Kate clears her throat. “Finally, Dave and I have these clickers. They work kind of like remote controls.” She extends her arm, so the pill is hovering well away from her, and nods to Dave.

He holds up his fob and clicks, and the air fills with the smell of melting rubber as whatever chemical is inside the chrome pill releases and starts melting Kate’s gloves.

“Your switch has been placed between several rather crucial arteries,” Kate says, ripping off her gloves as they start dribbling from her fingers. “If we see you threaten another camper, or act out in a harmful way, or you attempt to escape, we will click our remotes, and your kill switch will release this substance into your bloodstream.”

And turn us off. Like we’re a TV.

Kate’s gloves are now a puddle on the floor. “Any questions? Concerns?”

“You can’t just kill us.” My voice comes out broken.

“Believe me, we don’t want to,” Kate says gently. “We are trying to give you as much freedom as we can.”

I should have gotten in the stupid canoe. I should have bolted when Erik jeered at me to run. Now it’s too late.

Kate wipes up the melted latex and, matter-of-factly, my vomit, as Nobody and I lie clammy and shivering on the ground.

“When you two are feeling better you can go ahead and shower up, and go meet the others ’round the fire,” Dave says as they duck out the door. “Congratulations. You’re officially campers now.”

The idea of getting up off the floor is unimaginable. It’s not until several long cold minutes pass that the haze of pain starts narrowing to a small persistent burning at the base of my neck, like a venomous spider bite.
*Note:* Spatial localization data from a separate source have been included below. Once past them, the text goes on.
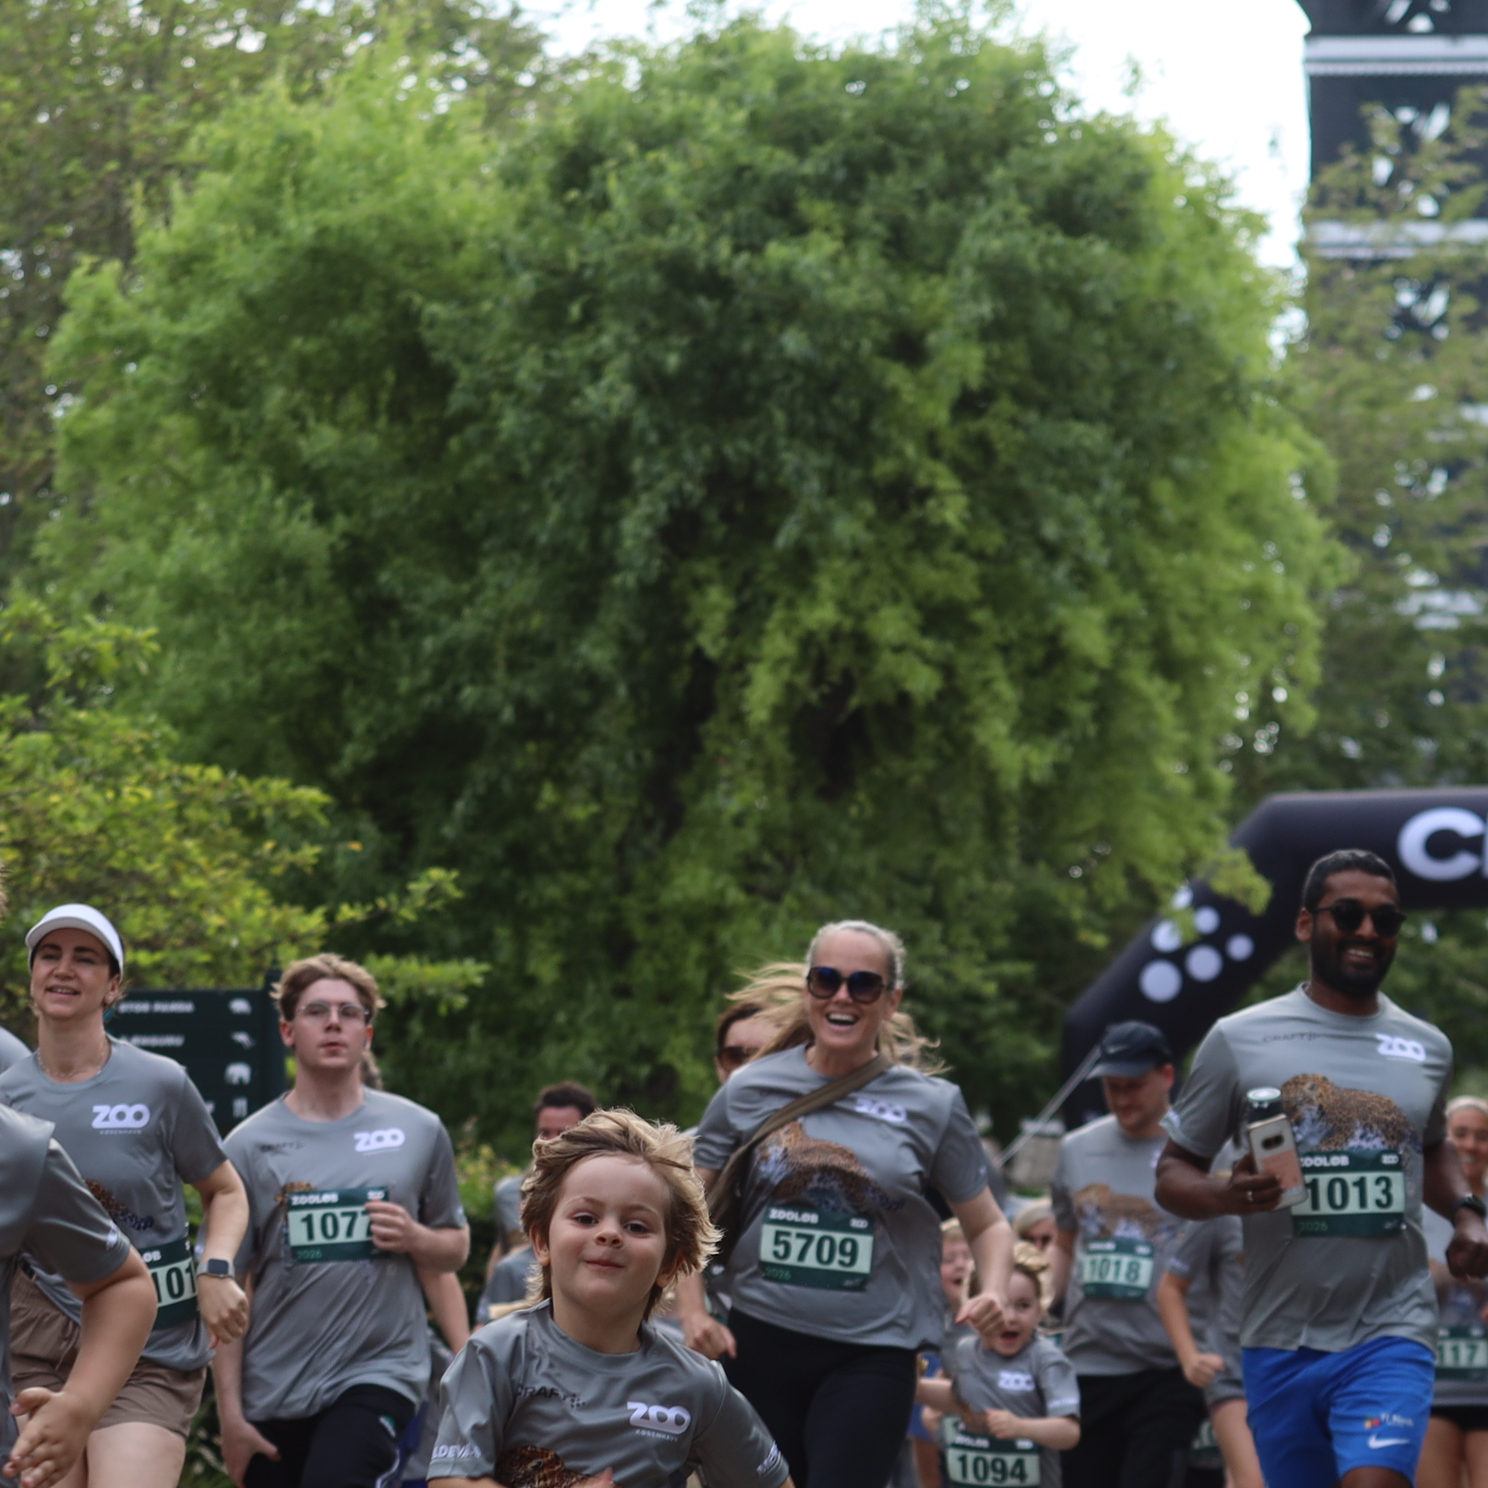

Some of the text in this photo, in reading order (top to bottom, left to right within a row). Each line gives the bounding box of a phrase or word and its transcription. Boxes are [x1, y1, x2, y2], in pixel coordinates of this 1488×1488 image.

[1375, 1034, 1426, 1061] ZOO
[92, 1104, 150, 1128] ZOO
[354, 1129, 405, 1151] ZOO
[1306, 1175, 1393, 1211] 1013
[772, 1230, 859, 1268] 5709
[152, 1261, 196, 1303] 101
[1090, 1258, 1141, 1284] 1018
[627, 1401, 691, 1435] ZOO
[958, 1455, 1028, 1483] 1094
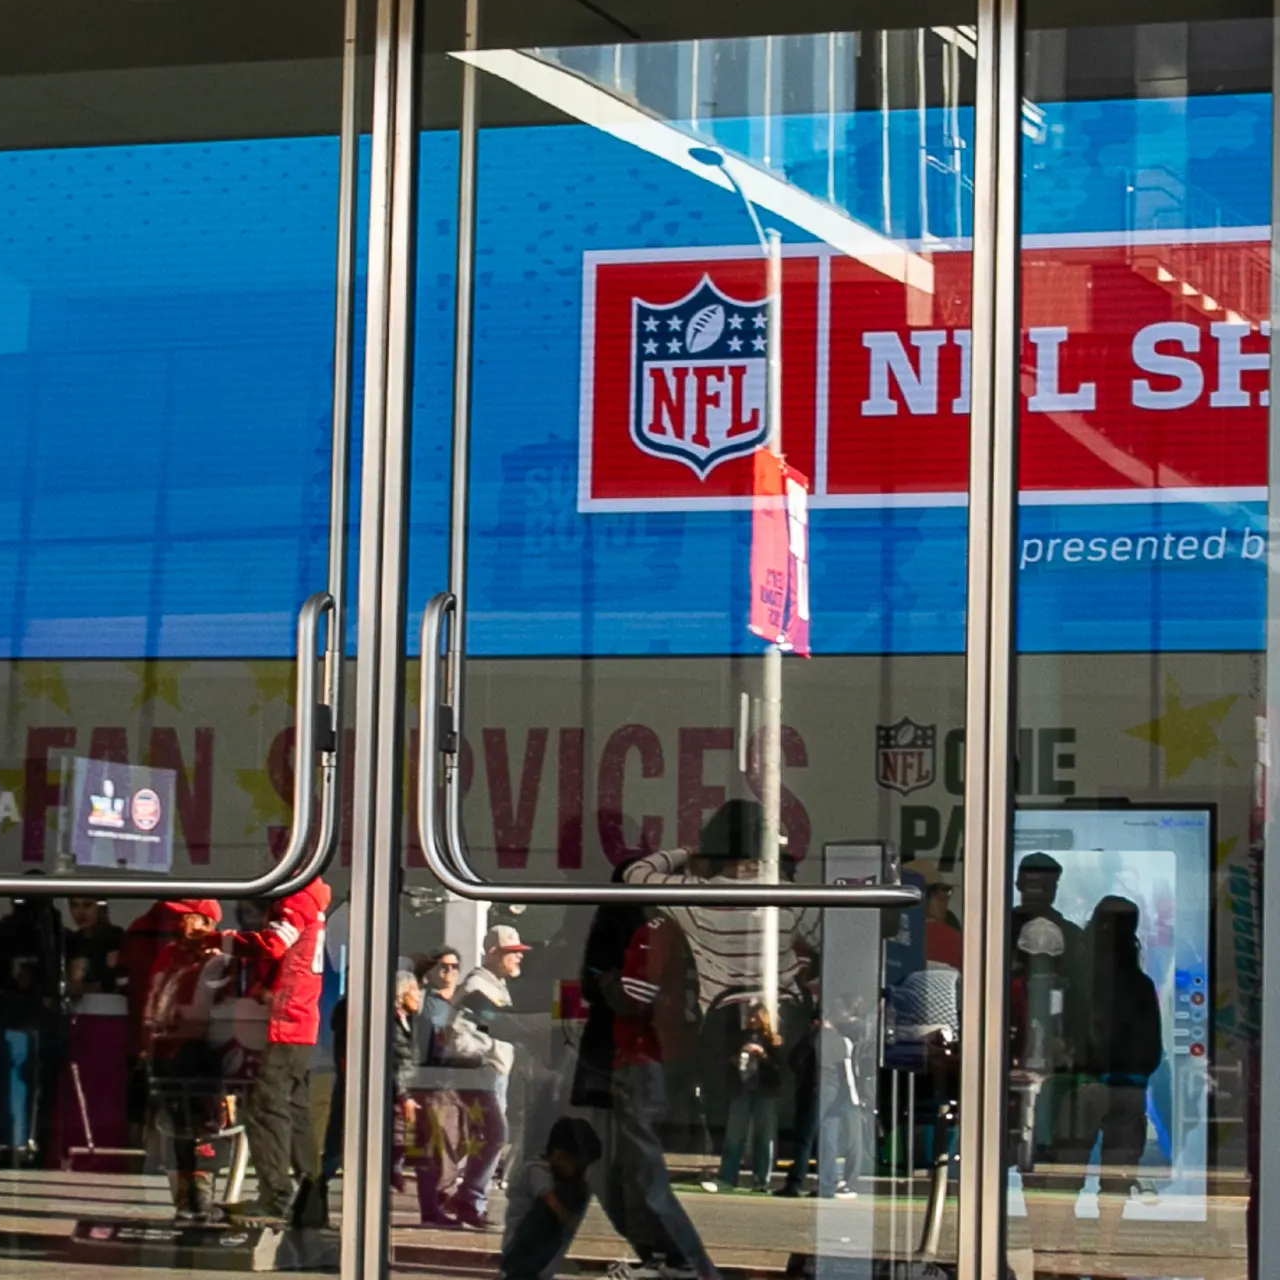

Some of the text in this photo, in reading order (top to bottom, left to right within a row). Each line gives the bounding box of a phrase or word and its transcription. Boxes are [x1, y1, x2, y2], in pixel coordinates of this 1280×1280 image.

Nobody and I silently pull ourselves to our feet and retreat to the bathroom, showering in opposite end stalls under ice-cold water. I hear her crying, a soft, hoarse sound, and wish I could cry too, but it’s like everything inside me has been wrung out.

We dress in silence and walk side by side through the dark toward the main cabin. There’s a glow around the side porch and the sharp smell of campfire smoke.